For closed-source models, annotators are only asked to choose the overall preferred one in each pair, and we compute the win rate accordingly.

### MOSS‑VoiceGenerator
MOSS‑VoiceGenerator demonstrates strong subjective preference across **overall preference**, **instruction following**, and **naturalness**.
### MOSS‑TTS-Realtime
We evaluated the TTFB (Time To First Byte) and RTF (Real-Time Factor) of MOSS-TTS-Realtime.
Note: SDPA + torch.compile were enabled during testing. The following results are tested on a single L20 GPU.
| Model | TTFB (ms) | RTF |
|-------------|-----------|-----|
| **MOSS-TTS-Realtime** | 180(After warm up)| 0.51 |
We deployed Qwen3.5-9B using vLLM to measure $T_{\text{LLM-first-sentence}}$. The time required to generate 12 tokens (the TTS prefill length) was 197 ms.
$T_{\text{LLM-first-sentence}} + T_{\text{MOSS-TTS-Realtime-TTFB}} = 197ms + 180ms = 377ms$
## MOSS-TTS-Nano
### Introduction
**MOSS-TTS-Nano** is our lightweight TTS model designed for CPU-first realtime deployment. It focuses on the part of speech generation that matters most in practical products: a small footprint, low-latency streaming generation, and voice-cloning quality that is strong enough for local demos, web services, and lightweight production integration. Built on a pure autoregressive **Audio Tokenizer + LLM** pipeline, it keeps the deployment stack simple while making realtime speech generation accessible even without a GPU.
Its main features include:
- **0.1B parameters**: a compact model size that keeps memory usage and deployment cost low, making local deployment and lightweight serving much easier.
- **Realtime generation on just 4 CPU cores**: streaming speech generation can run efficiently on CPU-only environments, which is practical for local applications and cost-sensitive deployment scenarios.

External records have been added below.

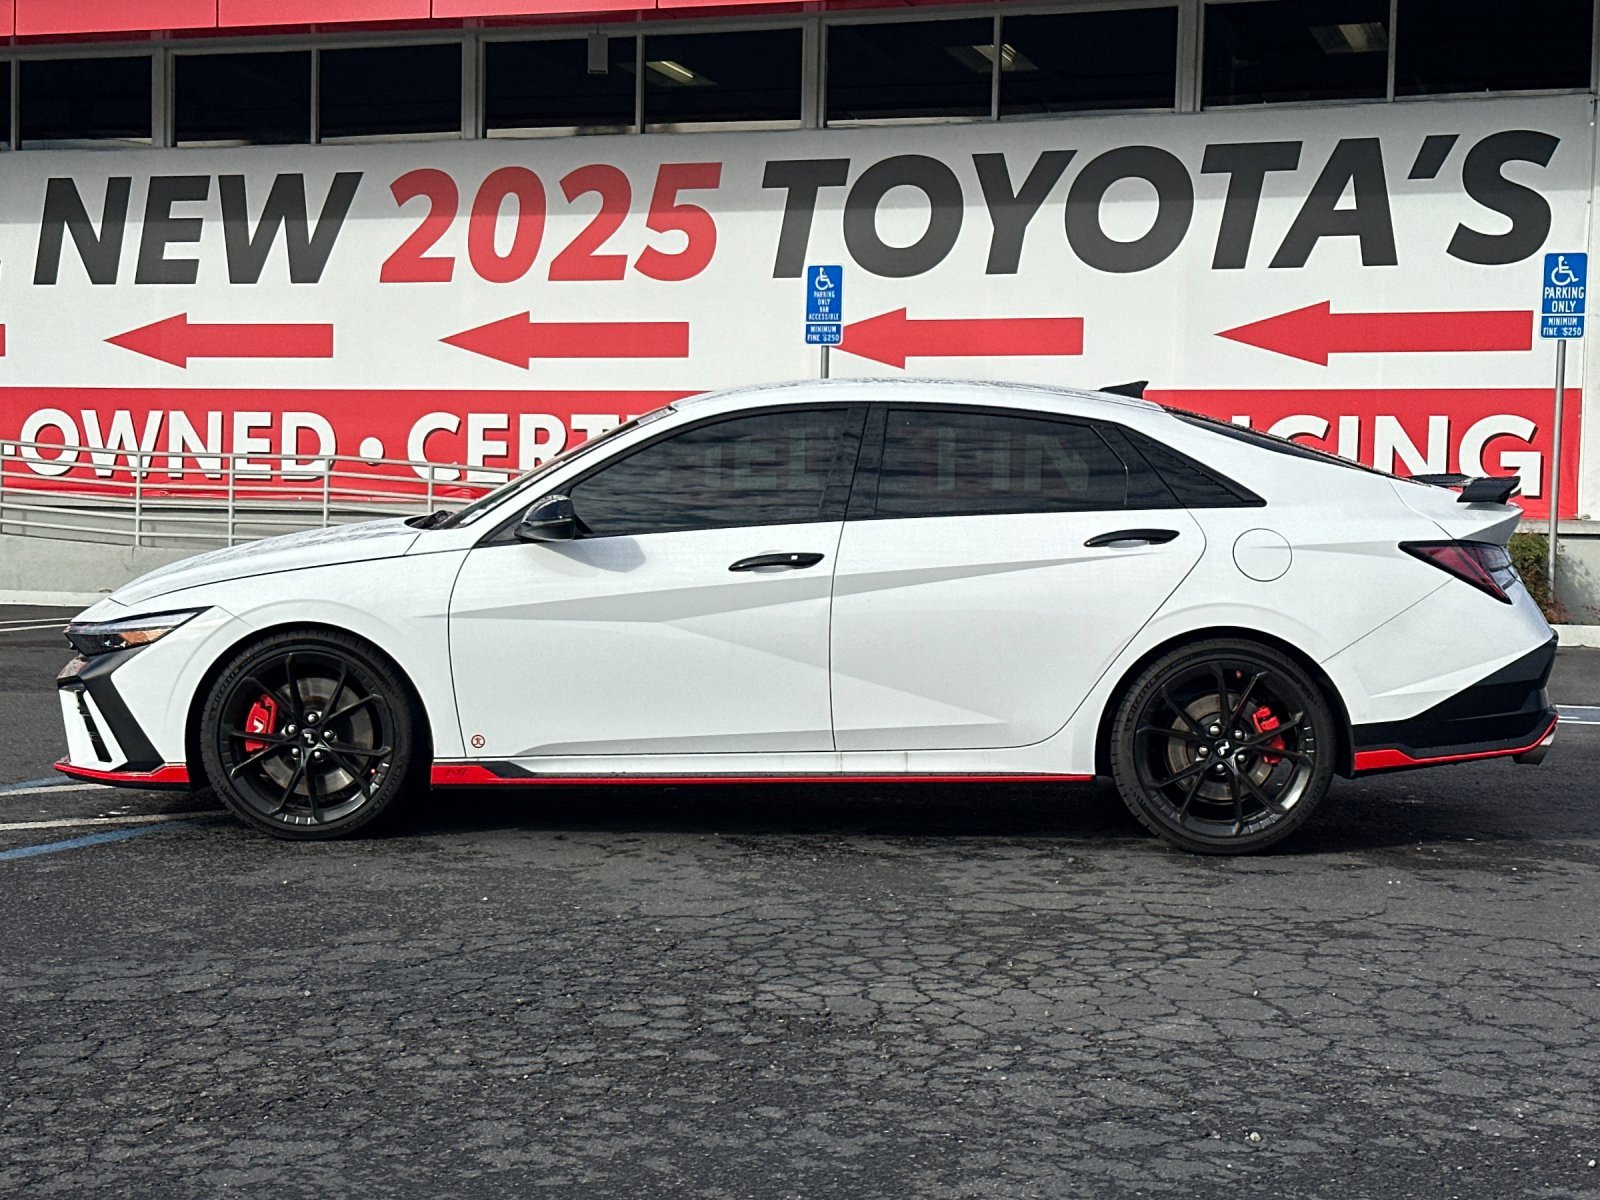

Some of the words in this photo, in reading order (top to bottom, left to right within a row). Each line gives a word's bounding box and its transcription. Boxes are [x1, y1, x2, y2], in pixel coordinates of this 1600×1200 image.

[33, 171, 363, 285] NEW
[380, 162, 722, 283] 2025
[762, 129, 1560, 279] TOYOTA'S
[1544, 286, 1585, 299] PARKING
[1551, 300, 1576, 313] ONLY
[1548, 317, 1578, 326] MINIMUM
[810, 325, 837, 333] MINIMUM
[1543, 326, 1557, 336] FINE
[1562, 326, 1582, 336] $250
[807, 334, 820, 342] FINE

- **Multilingual voice cloning**: supports multilingual voice cloning workflows, making it suitable for cross-language synthesis with a single reference speaker.
- **48 kHz stereo input/output**: natively supports high-quality stereo audio, improving both reference-audio fidelity and final listening quality.

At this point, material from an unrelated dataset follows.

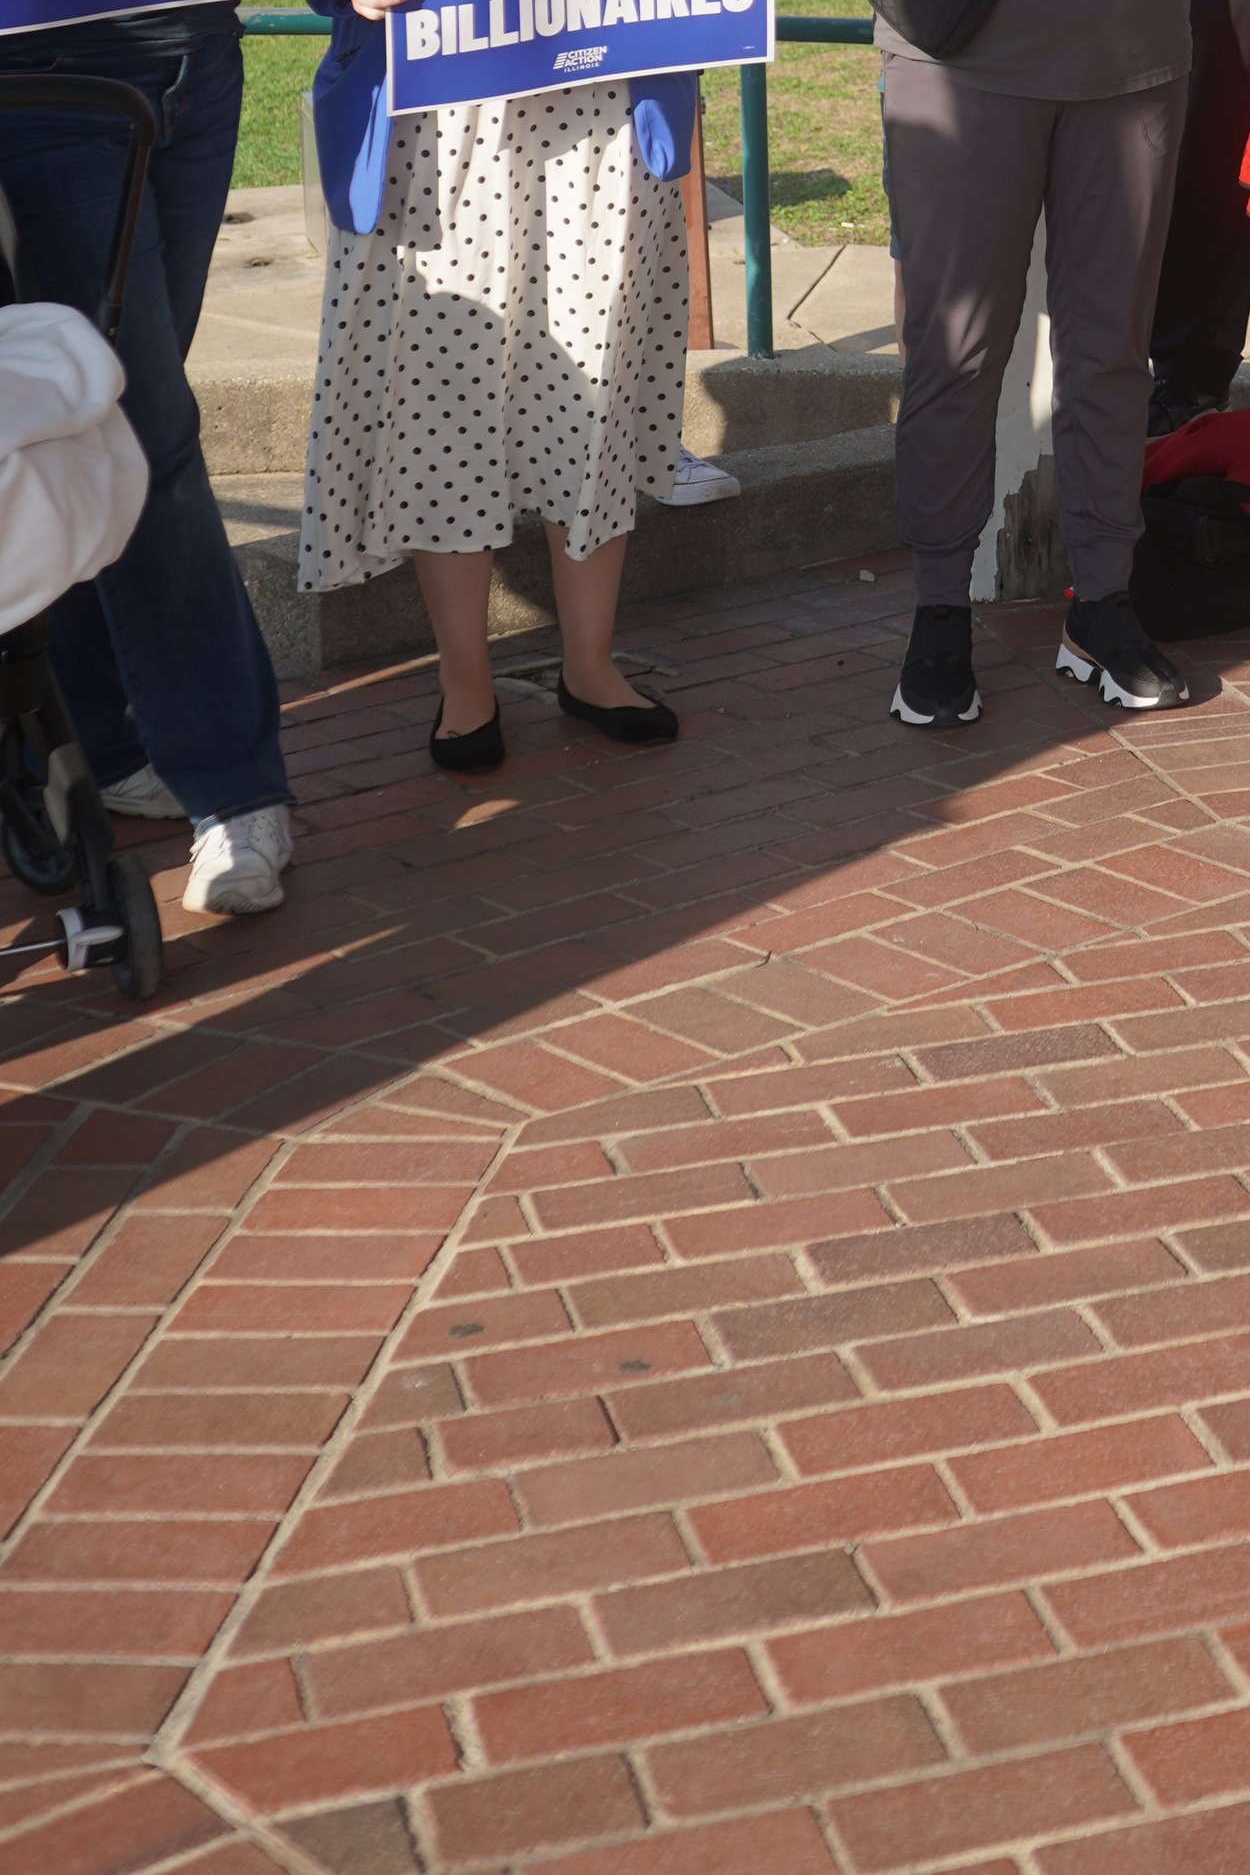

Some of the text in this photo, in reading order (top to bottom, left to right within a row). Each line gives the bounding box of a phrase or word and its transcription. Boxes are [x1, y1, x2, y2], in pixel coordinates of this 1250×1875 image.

[568, 46, 607, 59] CITIZEN
[565, 54, 602, 67] ACTION
[564, 62, 599, 73] ILLINOIS

To learn more about setup, advanced usage, and evaluation metrics, please visit the [MOSS-TTS-Nano repository](https://github.com/OpenMOSS/MOSS-TTS-Nano).
Architecture of MOSS-TTS-Nano
### Model Weights
| Model | Hugging Face | ModelScope |
|:-----:|:------------:|:----------:|
| **MOSS-TTS-Nano** | [](https://huggingface.co/OpenMOSS-Team/MOSS-TTS-Nano) | [](https://modelscope.cn/models/openmoss/MOSS-TTS-Nano) |
## MOSS-Audio-Tokenizer
### Introduction
**MOSS-Audio-Tokenizer** serves as the unified discrete audio interface for the entire MOSS-TTS Family. It is based on the **Cat** (**C**ausal **A**udio **T**okenizer with **T**ransformer) architecture—a 1.6-billion-parameter, "CNN-free" homogeneous audio tokenizer built entirely from Causal Transformer blocks.
- **Unified Discrete Bridge**: It acts as the shared backbone for MOSS-TTS, MOSS-TTSD, MOSS-VoiceGenerator, MOSS-SoundEffect, and MOSS-TTS-Realtime, providing a consistent audio representation across the family.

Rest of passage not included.